EC3 already has on board the European Network and Information Security Agency, Eurojust and other relevant bodies, Oerting said. But because cybercrime is a global problem, he has teamed up with the new director of Interpol’s cybercrime center in Singapore and is reaching out to others as well, he said. Oerting is also already on the boards of organizations of private companies and has boosted cooperation with Google, Microsoft, Twitter and others, he said.

The center’s first year will be funded by Europol, and talks about future funding are ongoing, said Malmström. EC3 is something EU governments want and support, she said. Asked if assets confiscated during investigations can be used to fund EC3, Oerting said asset seizures are up to individual countries, not Europol.

Governments will be asked what forensic tools they need for investigations, Oerting said. Those will cost a fortune to develop, so he will look into pooling resources or funding them with EU money, which will then return added value to member countries, he said. Police agencies traditionally don’t share information but in EU cybersecurity centers they want to, he said. The more work the center gets, the more funding is likely from national administrations, he said. But “we're not over-selling this,” he said. EC3 will first gauge what it needs and then look for the money.
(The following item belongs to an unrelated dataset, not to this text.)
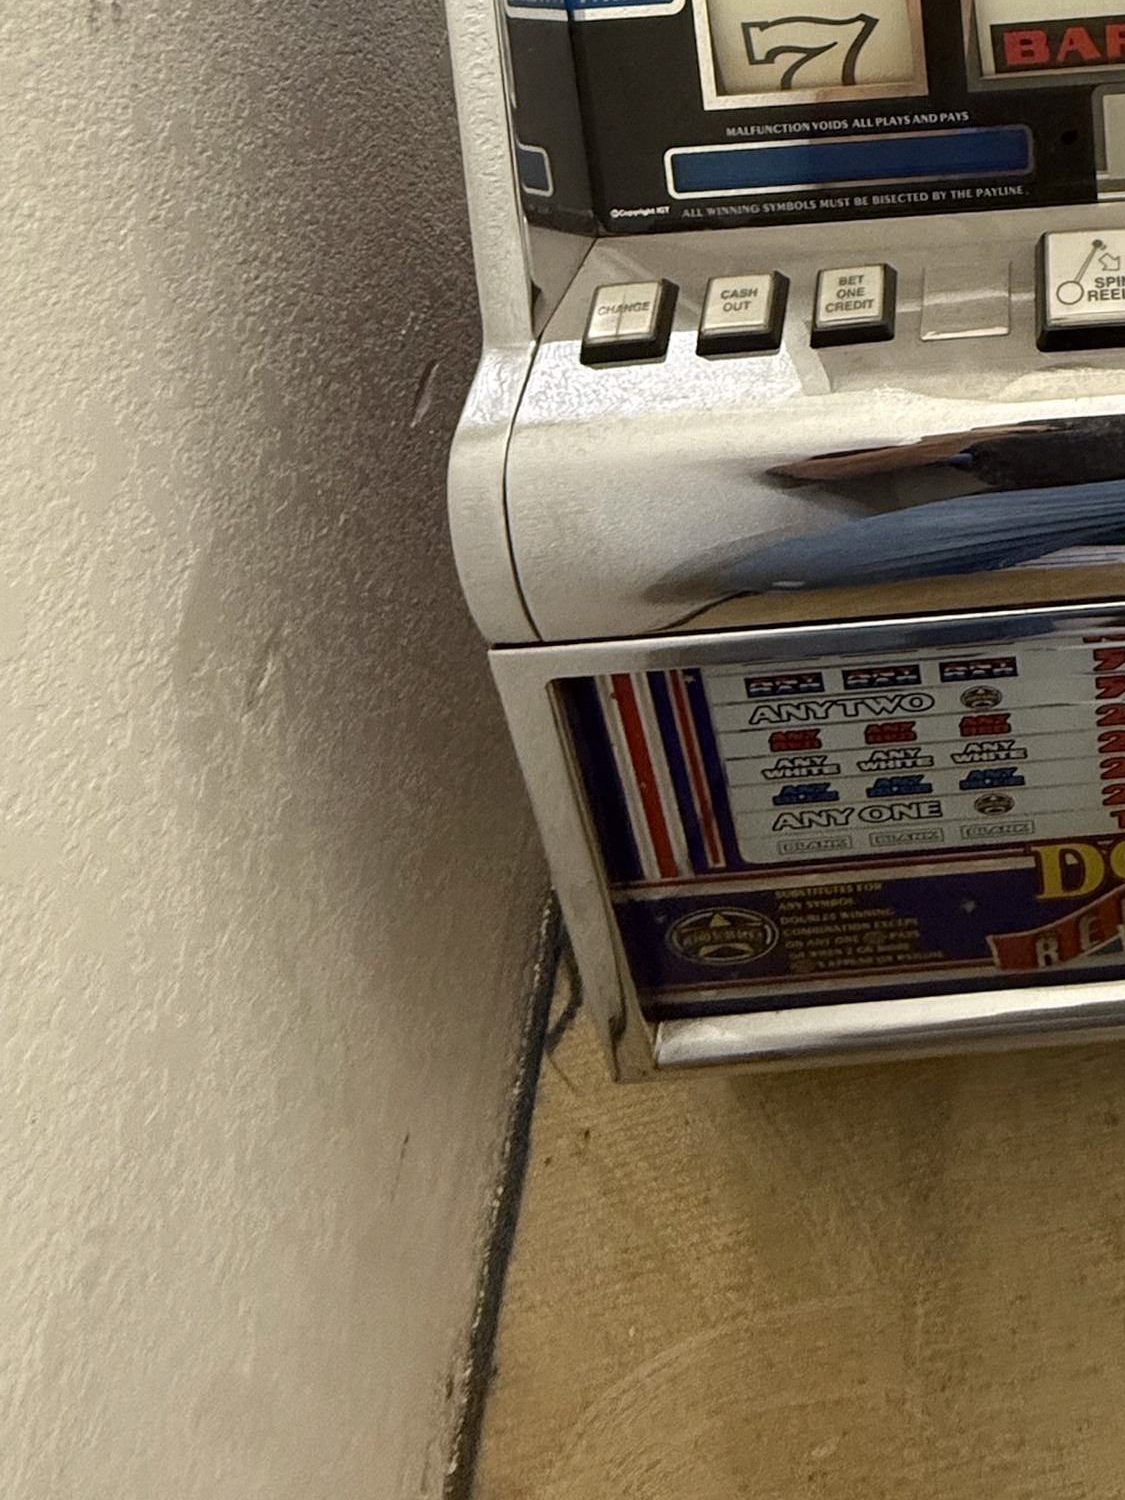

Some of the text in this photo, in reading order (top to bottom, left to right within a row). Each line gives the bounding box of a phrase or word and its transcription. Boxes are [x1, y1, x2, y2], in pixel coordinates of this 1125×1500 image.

Oerting was asked if he'll consider hiring “reformed” hackers to help fight cybercriminals. The center is trying to get management approval to hire people who don’t have a law enforcement background, but not hackers, he said.
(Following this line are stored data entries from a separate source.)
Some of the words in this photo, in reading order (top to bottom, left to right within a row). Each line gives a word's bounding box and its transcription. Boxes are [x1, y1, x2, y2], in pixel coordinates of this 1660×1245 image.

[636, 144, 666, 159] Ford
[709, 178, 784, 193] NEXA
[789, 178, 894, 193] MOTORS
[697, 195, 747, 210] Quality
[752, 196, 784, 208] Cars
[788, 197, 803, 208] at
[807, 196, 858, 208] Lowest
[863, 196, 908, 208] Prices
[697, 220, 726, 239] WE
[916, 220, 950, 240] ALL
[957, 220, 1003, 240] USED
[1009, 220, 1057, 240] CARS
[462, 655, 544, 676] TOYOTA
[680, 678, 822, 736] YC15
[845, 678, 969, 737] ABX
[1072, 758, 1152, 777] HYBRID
Separately, the U.K. Commons Defense Committee said Wednesday it’s concerned “that with the Armed Forces now so dependent on information and communications technology, should such systems suffer a sustained cyber attack, their ability to operate could be fatally compromised.” It’s not enough for the military to do its best to prevent an effective attack, the report (http://xrl.us/bn93ep) said. “In its response to this report the Government should set out details of the contingency plans it has in place should such an attack occur. If it has none, it should say so -- and urgently create some."
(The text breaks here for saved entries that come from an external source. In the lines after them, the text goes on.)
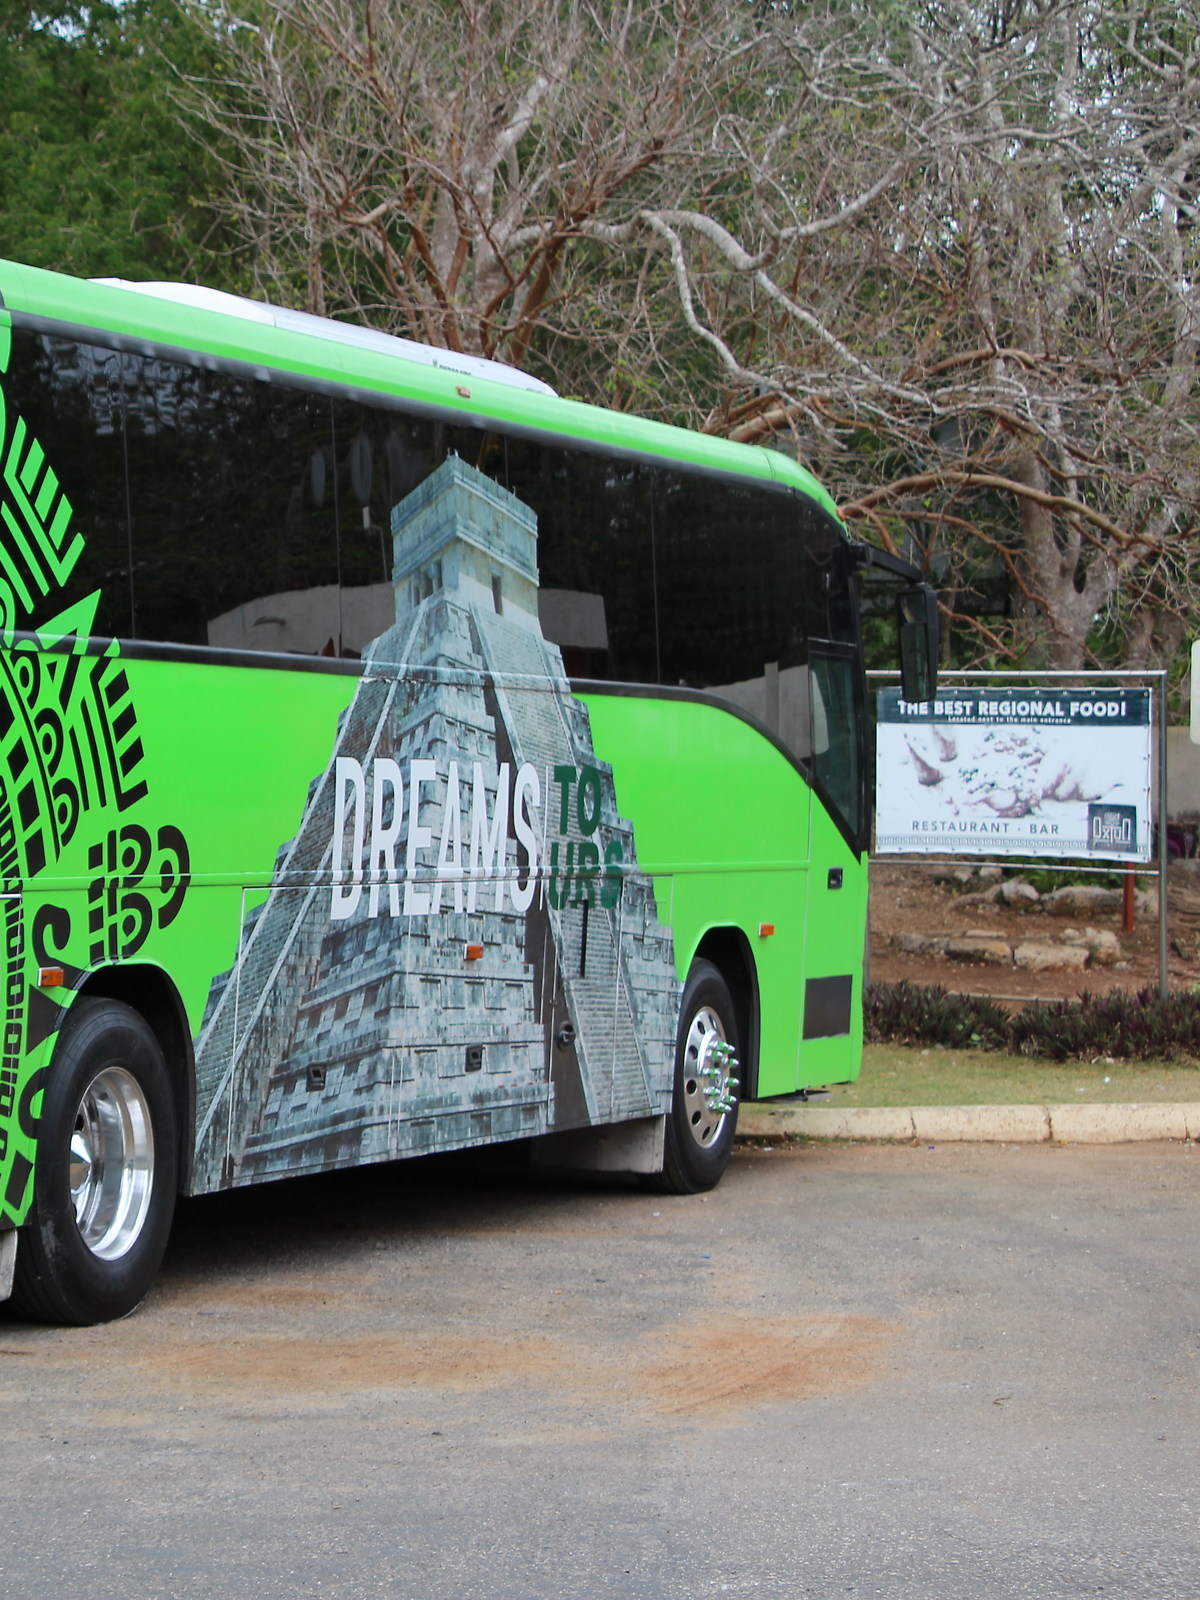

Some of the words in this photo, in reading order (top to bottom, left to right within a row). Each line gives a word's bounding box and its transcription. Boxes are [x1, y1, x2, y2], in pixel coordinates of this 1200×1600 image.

[897, 700, 928, 715] THE
[934, 700, 973, 715] BEST
[978, 701, 1064, 716] REGIONAL
[554, 765, 601, 836] TO
[912, 820, 1009, 834] RESTAURANT
[1029, 823, 1059, 835] BAR
[331, 756, 540, 920] DREAMS
[550, 841, 624, 910] URS
The Ministry of Defense’s (MoD’s) most important cybersecurity responsibility is to manage and protect the systems and networks on which the military depends, the report said. Lawmakers appreciated MoD witnesses’ “frank assessment” of the work still to be done on securing its supply chain and industrial base, it said. Despite that frankness, the witnesses “gave the impression that they believe that an admission of the problem took them close to resolving the problem. It does not.” Parliament wants evidence of more urgent and concrete action by suppliers to address this “serious vulnerability,” it said. The government should be exploiting the opportunity created by cyber tools and techniques to enhance the military capability of the armed forces, it said. In addition, the MoD should be looking at how to draw upon the capabilities of strategic partners such as the U.S., it said.

The MoD’s thinking on the best internal structures for cybersecurity “appears to us to be still developing,” the committee said. “Getting this right must be a top priority.” Moreover, because events in cyberspace happen at great speed, there won’t be time, in the middle of a major international incident, to develop doctrine, rules of engagement or internationally accepted norms of behavior, it said. Much work still needs to be done to determine what kind or extent of cyberattack would warrant a military response, it said. Development of capabilities needs to be accompanied by the fast development of supporting concepts, it said. “We are concerned that the then Minister’s responses to us betray complacency on this point and a failure to think through some extremely complicated and important issues.” That refers to Cabinet Office Minister Francis Maude.

Cybersecurity warrants increased governmental action, and funding, at the highest level, the report said. “The Government needs to put in place -- as it has not yet done -- mechanisms, people, education, skills, thinking and policies which take into account both the opportunities and the vulnerabilities which cyber presents.” It’s “time the government approached the subject with vigour,” lawmakers said.